▸ **What this task involves**:
Only the lines holding the string "BUCS" are needed; copy each of them from the data.

=== Records for the task ===

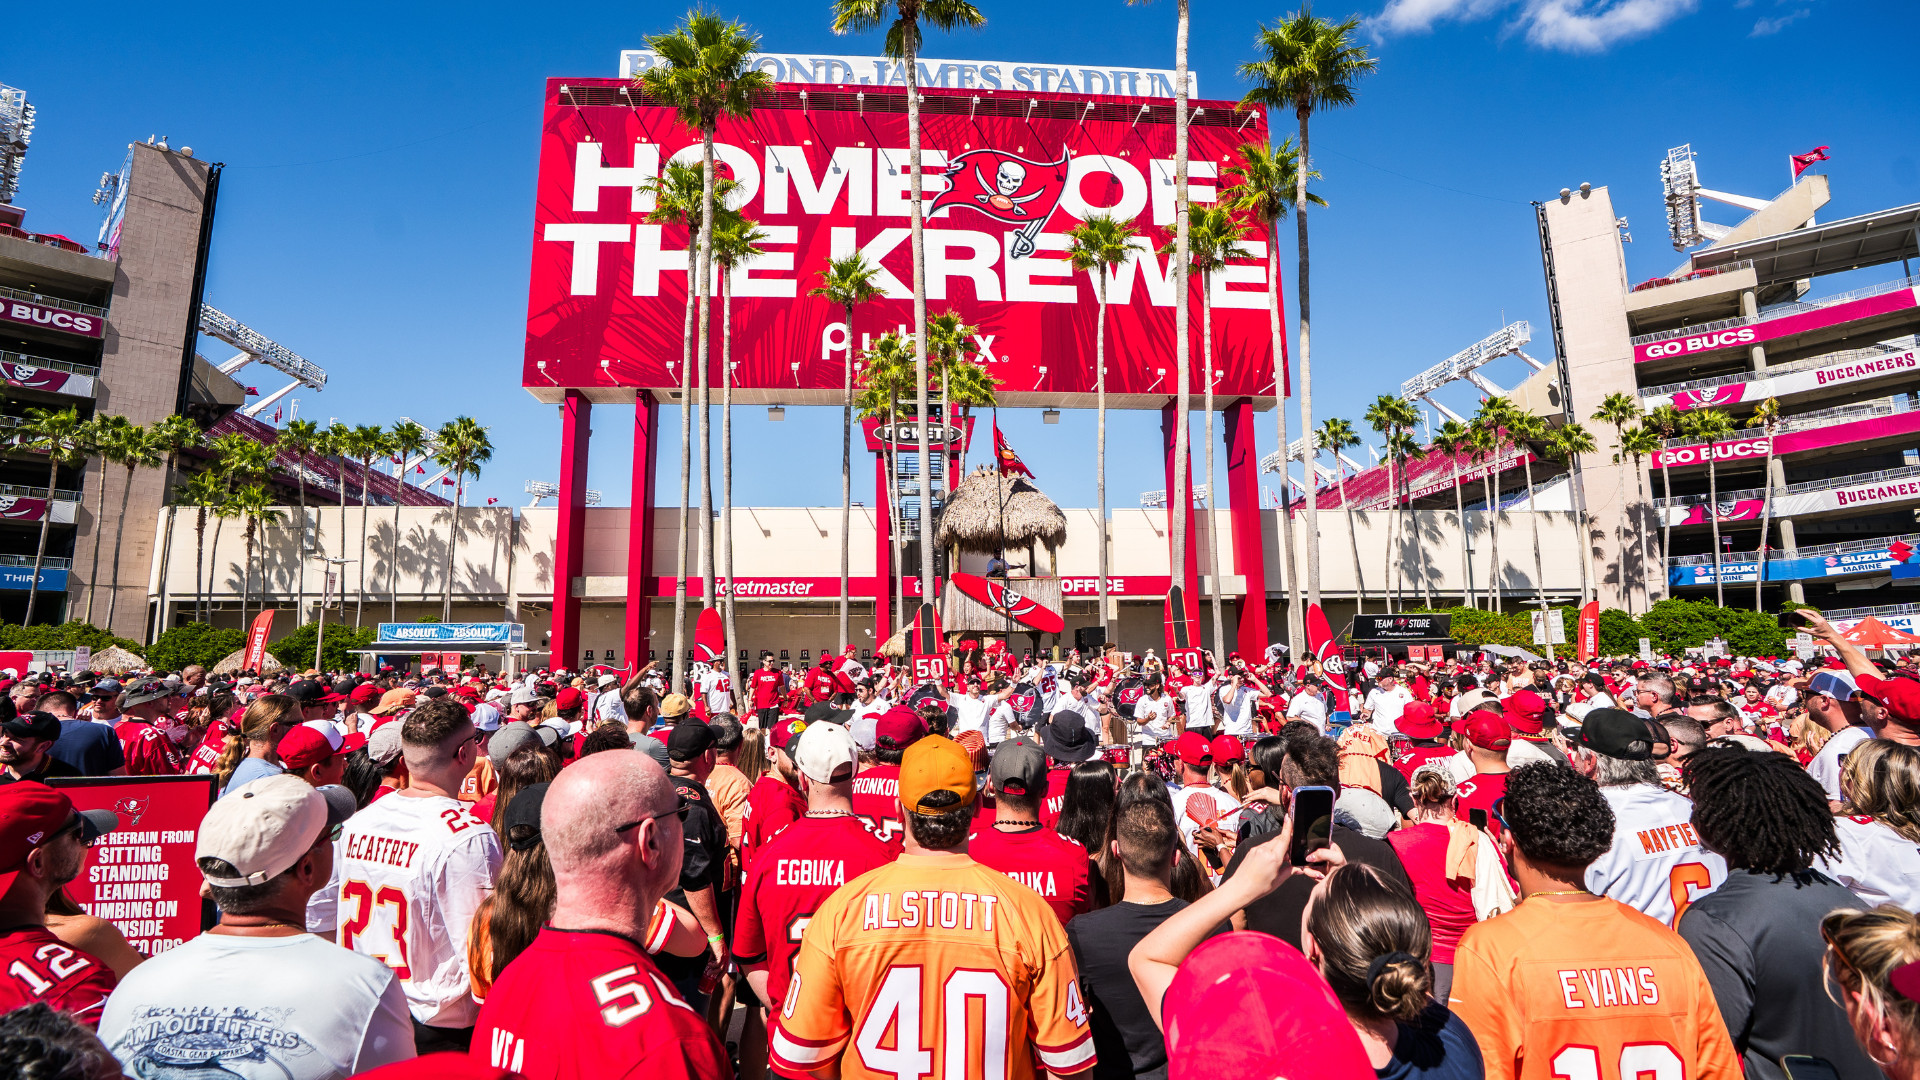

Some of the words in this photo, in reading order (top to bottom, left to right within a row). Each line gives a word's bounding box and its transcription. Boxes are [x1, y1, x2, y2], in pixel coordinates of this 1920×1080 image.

[625, 53, 854, 85] ROND
[859, 60, 1001, 90] JAMES
[572, 142, 949, 217] HOME
[1059, 154, 1217, 226] OF
[543, 223, 798, 298] THE
[830, 227, 1271, 310] KREWE
[11, 304, 92, 332] BUCS
[1646, 341, 1682, 358] GO
[1686, 328, 1755, 352] BUCS
[1816, 352, 1916, 385] BUCCANEERS
[884, 426, 955, 440] TCKET
[1658, 449, 1695, 465] GO
[1700, 440, 1769, 461] BUCS
[1490, 459, 1517, 474] GUBER
[1836, 481, 1920, 506] BUCCANEE
[1840, 551, 1894, 564] SUZUK
[1709, 574, 1744, 582] MRINE
[1843, 563, 1883, 573] MARINE
[715, 579, 814, 595] icetmaster
[1061, 578, 1125, 592] OFFICE
[1374, 619, 1393, 629] TEAM
[1408, 618, 1431, 629] STORE
[1586, 624, 1595, 653] EXPRESS
[916, 658, 944, 678] 50
[715, 678, 731, 693] 42
[1041, 675, 1056, 693] 25
[851, 777, 900, 798] RONKOW
[109, 831, 158, 845] REFRAIN
[161, 830, 194, 844] FROM
[98, 845, 162, 864] SITTING
[89, 864, 169, 882] STANDING
[776, 859, 845, 886] EGBUKA
[94, 882, 162, 901] LEANING
[154, 900, 178, 917] ON
[863, 890, 998, 931] ALSTOTT
[341, 877, 412, 980] 23
[7, 942, 92, 998] 12
[1557, 966, 1659, 1009] EVANS
[853, 963, 1011, 1080] 40
[123, 1020, 161, 1048] AMI
[164, 1016, 299, 1049] OUTFITTERS
[157, 1044, 187, 1059] COASTAL
[188, 1050, 208, 1059] GEAR
[217, 1047, 249, 1059] APPAREL

===

▸ **Final answer**:
[11, 304, 92, 332] BUCS
[1686, 328, 1755, 352] BUCS
[1700, 440, 1769, 461] BUCS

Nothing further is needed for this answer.